#### ASSIGNMENT
The following data is to be repeated exactly, its pictures excluded.

#### PROVIDED MATERIAL ####

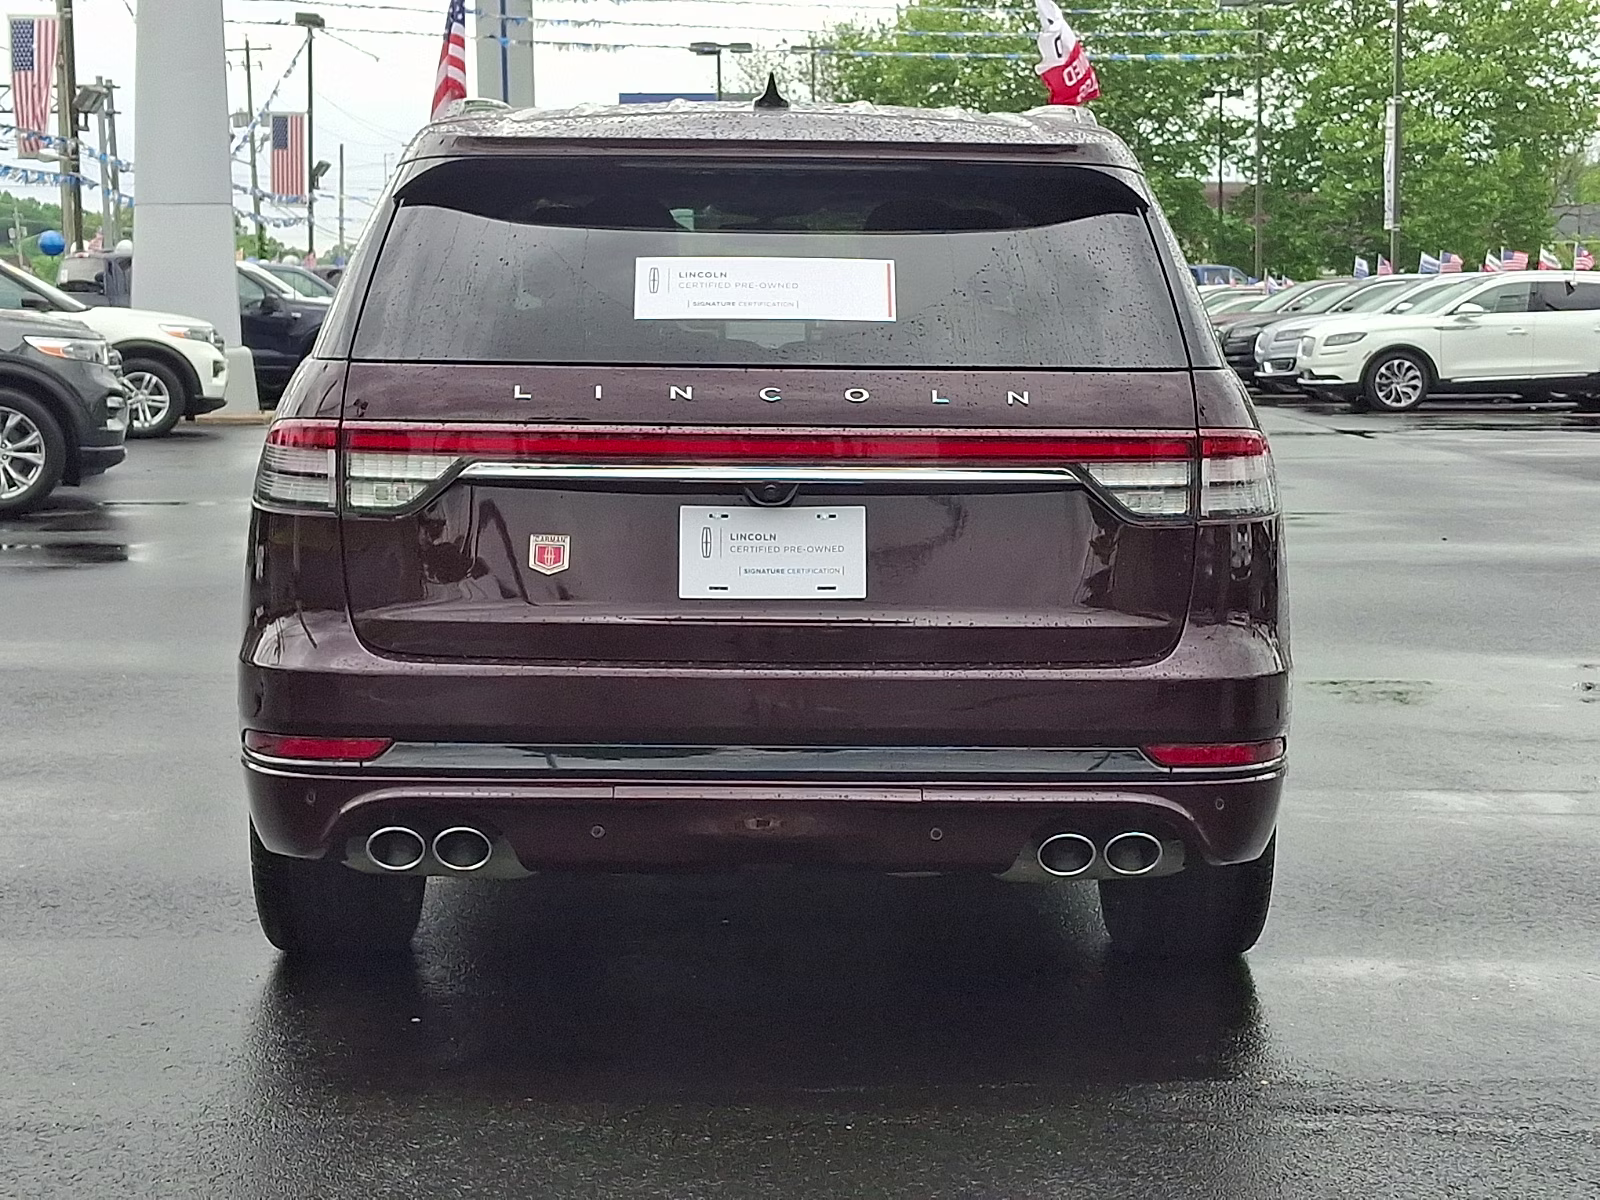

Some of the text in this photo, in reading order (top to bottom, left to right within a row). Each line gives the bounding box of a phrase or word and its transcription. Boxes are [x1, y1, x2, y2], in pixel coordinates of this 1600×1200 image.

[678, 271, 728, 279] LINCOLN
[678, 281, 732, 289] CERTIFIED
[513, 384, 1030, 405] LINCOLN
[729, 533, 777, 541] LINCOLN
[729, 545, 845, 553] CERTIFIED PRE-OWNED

####

#### RESULT BELOW
Some of the text in this photo, in reading order (top to bottom, left to right within a row). Each line gives the bounding box of a phrase or word and its transcription. Boxes are [x1, y1, x2, y2], in pixel coordinates of this 1600×1200 image.

[678, 271, 728, 279] LINCOLN
[678, 281, 732, 289] CERTIFIED
[513, 384, 1030, 405] LINCOLN
[729, 533, 777, 541] LINCOLN
[729, 545, 845, 553] CERTIFIED PRE-OWNED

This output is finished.